Il tema del viaggio mistico del protagonista intorno al mondo, in linea con quelli di una generazione di giovani attratti dalla ricerca dell’io interiore attraverso viaggi in culture diverse da quella occidentale, ha molto successo e a tutt’oggi conta sedici volumi, di cui solo i primi nove tradotti su Skorpio e su brossurati di Nuova Frontiera. Le sue tavole ariose, con poco testo, e colorate sono un forte richiamo per il lettore e anche i soggetti sono particolari, molto intimisti.
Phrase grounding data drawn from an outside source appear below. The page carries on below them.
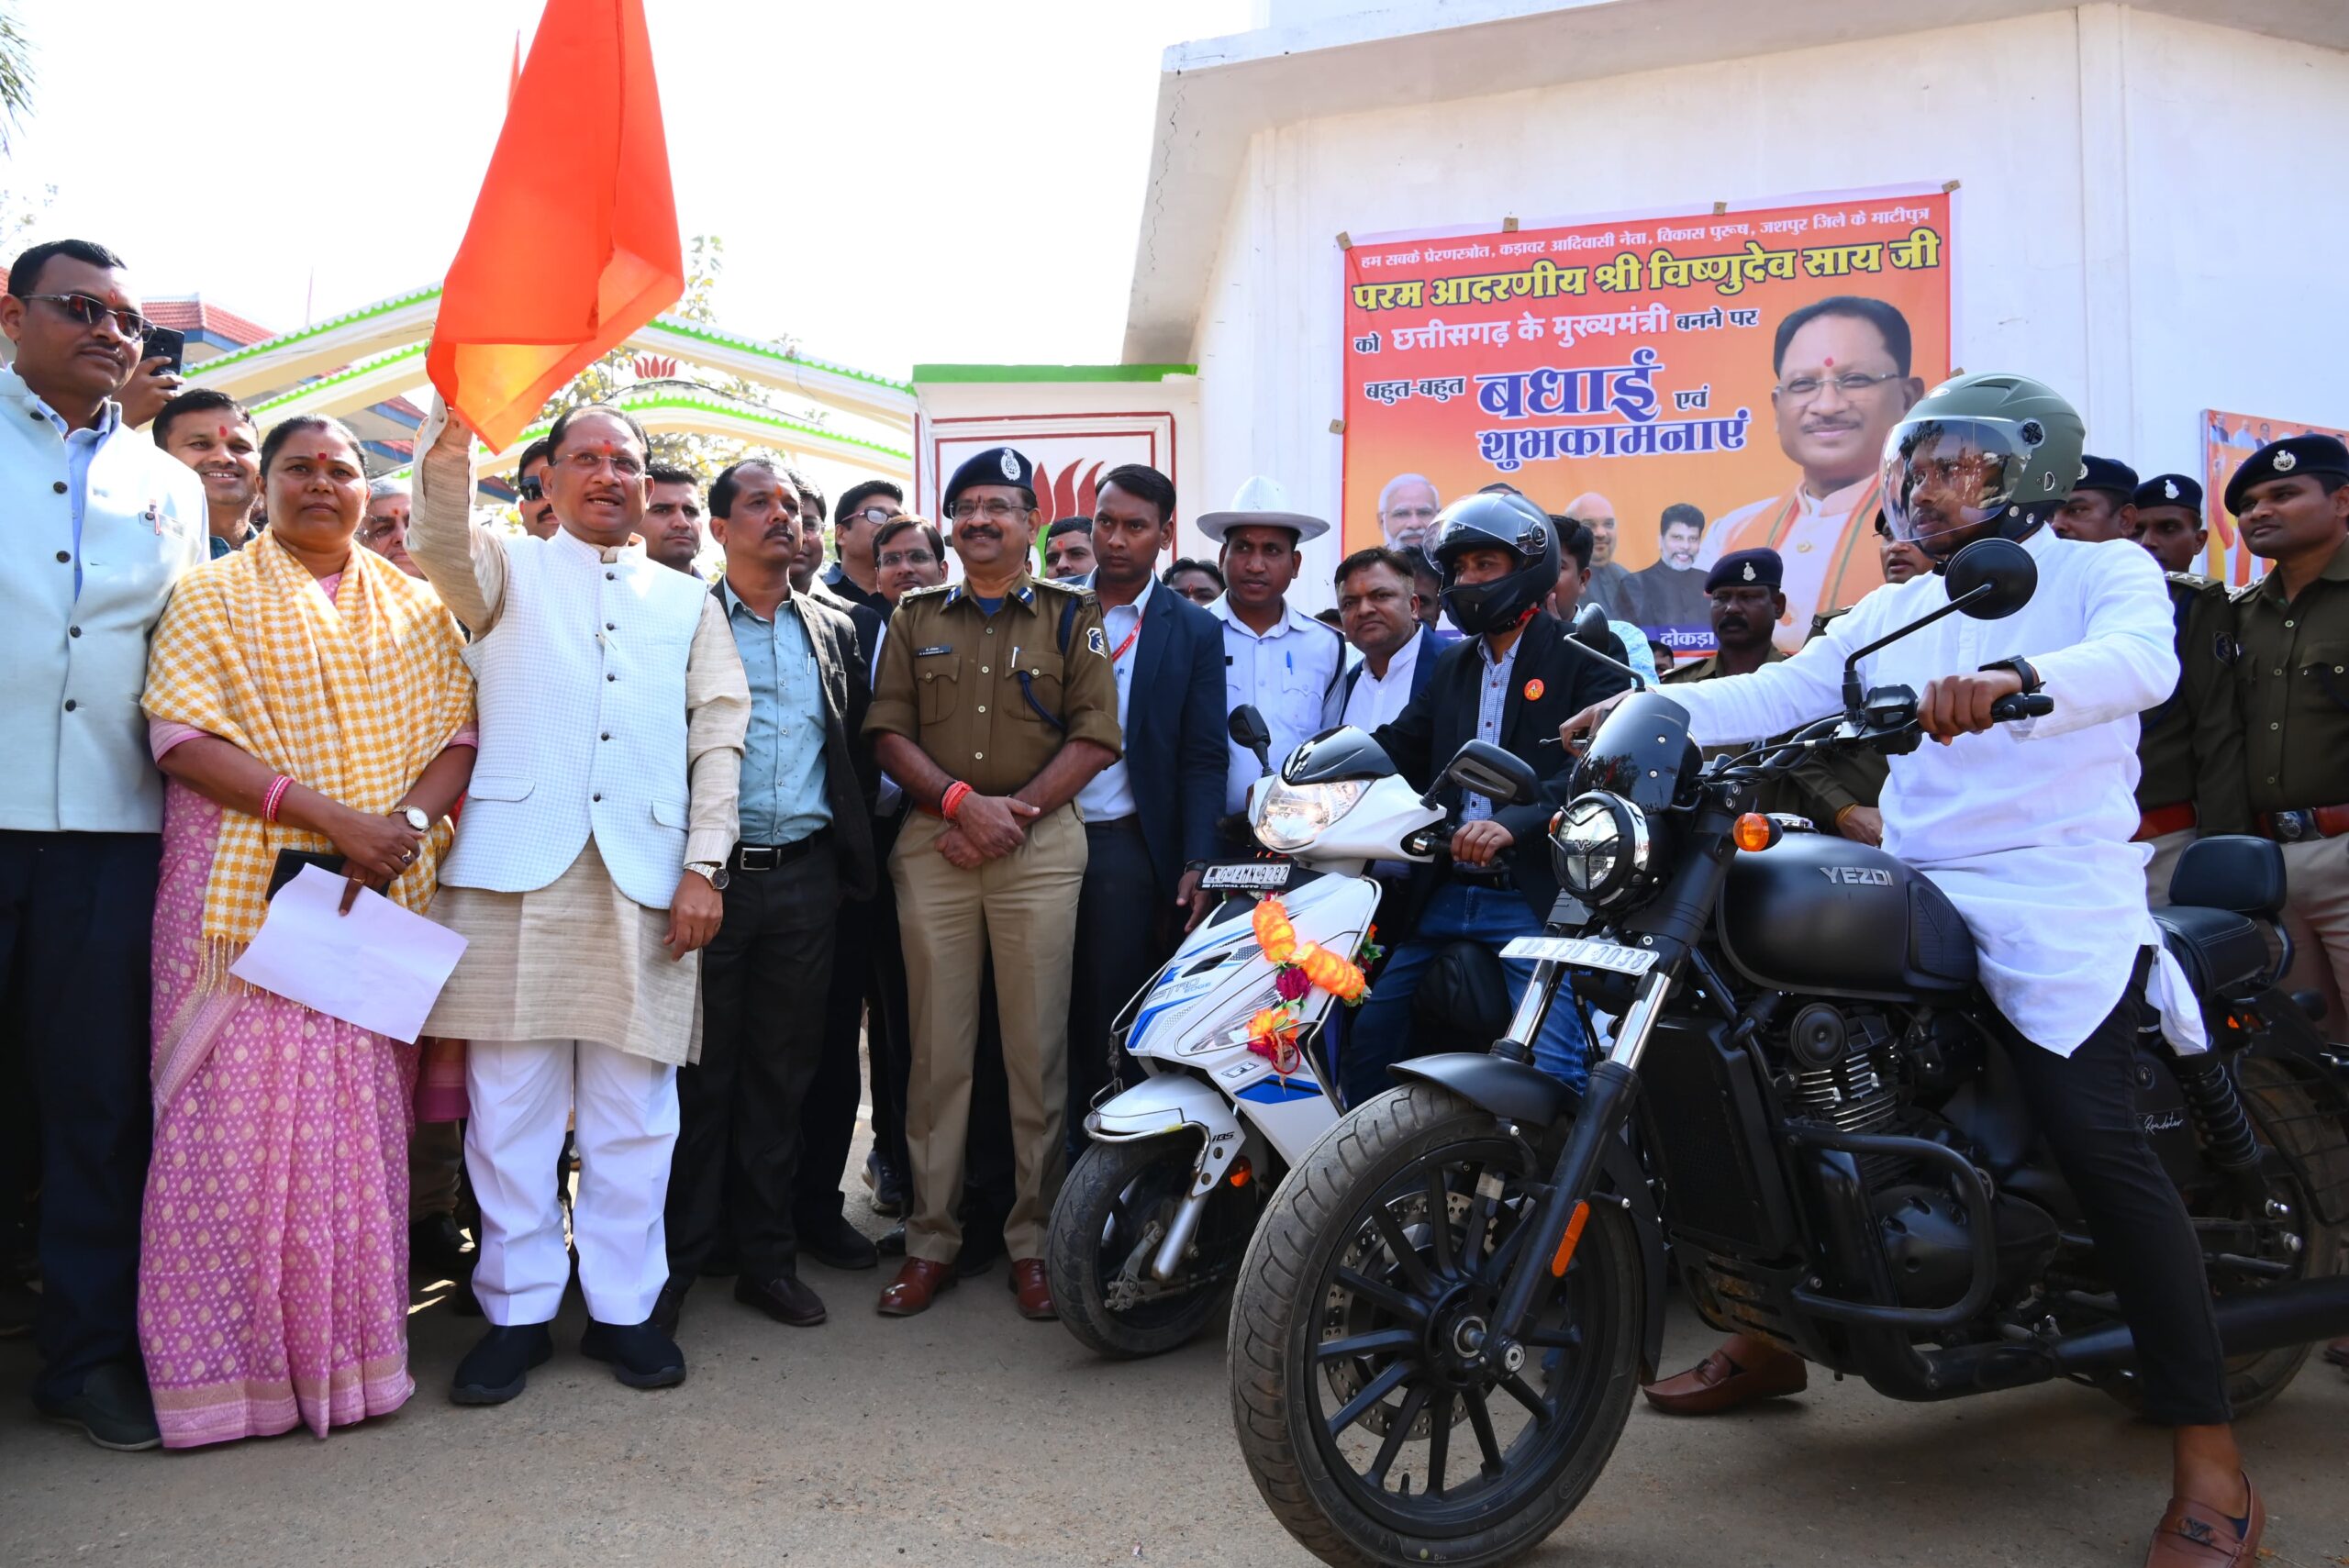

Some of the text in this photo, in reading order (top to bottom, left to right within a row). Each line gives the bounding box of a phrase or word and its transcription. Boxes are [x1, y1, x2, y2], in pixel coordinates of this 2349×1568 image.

[1352, 226, 1942, 312] परम आदरणीय श्री विष्णुदेव साय जी
[1361, 255, 1382, 269] हम
[1386, 249, 1420, 266] सबके
[1550, 232, 1615, 252] आदिवासी
[1620, 230, 1653, 247] नेता,
[1657, 227, 1705, 243] विकास
[1760, 218, 1809, 236] जशपुर
[1813, 212, 1846, 229] जिले
[1850, 209, 1866, 226] के
[1871, 206, 1931, 226] माटीपुत्र
[1353, 303, 1759, 354] को छत्तीसगढ़ के मुख्यमंत्री बनने पर
[1364, 348, 1710, 422] बहुत-बहुत बधाई एवं
[1476, 409, 1751, 472] शुभकामनाएं
[1659, 628, 1715, 648] दोकड़ा
[1820, 866, 1894, 887] YEZDI
Ha disegnato molti one-shot e qualche serie, ma nessuna ha raggiunto il fascino di Jonathan, personaggio che dovrebbe essere proposto ai lettori italiani, magari nella Collana Avventura della Gazzetta.


Grande amico di Hermann, che lo ospita frequentemente quando si reca a Bruxelles, ama molto l’efficacia dei suoi disegni al servizio delle storie, perché non è estetizzante e non fa alcuna concessione alle mode.


La lunga astinenza dei lettori italiani data dal 2009, quando è uscito il volume della Planeta con i due tomi di Voyage en Italie. Ma ora è interrotta grazie alla Giunti che ha pubblicato nelle librerie una storia di Cosey, nientepopodimenoché su Mickey Mouse. Proprio così! L’editore italiano ha tradotto anche il volume Mickey’s craziest adventures, di Lewis Trondheim su soggetto di Nicolas Keramidas, ma abbiamo preferito acquistare quello di Cosey, perché incuriositi dalla proposta editoriale con un nome di autore famoso.


Il volume in questione si intitola Misteriosa Melodia, sottotitolo Come Topolino incontra Minnie. Il racconto è un prequel del primo Topolino, raccontato con molta delicatezza, nello stile di Cosey, e si legge con vero piacere. Se un autore è valido, lo è sempre, anche su personaggi non suoi!


Lo stile grafico ricorda molto quello di Ub Iwerks e del primo Floyd Gottfredson, autori ai quali si rifà dedicando in particolare l’opera, oltre che a tutto lo staff Disney. Da sottolineare il personaggio di Minnie, qui molto dolce e femminile come raramente, se non mai, era apparso prima.


Il topo disneyano però è sempre stato presente nell’opera dell’autore svizzero, come dimostrano alcune immagini.



L’editore Glénat ha appena pubblicato altre due storie di Mickey Mouse: Café Zombo di Régis Loisel e La Jeunesse de Mickey di Tébo.


La collana prevede almeno due uscite l’anno ed è presumibile che anche queste nuove storie saranno tra qualche tempo disponibili anche in italiano.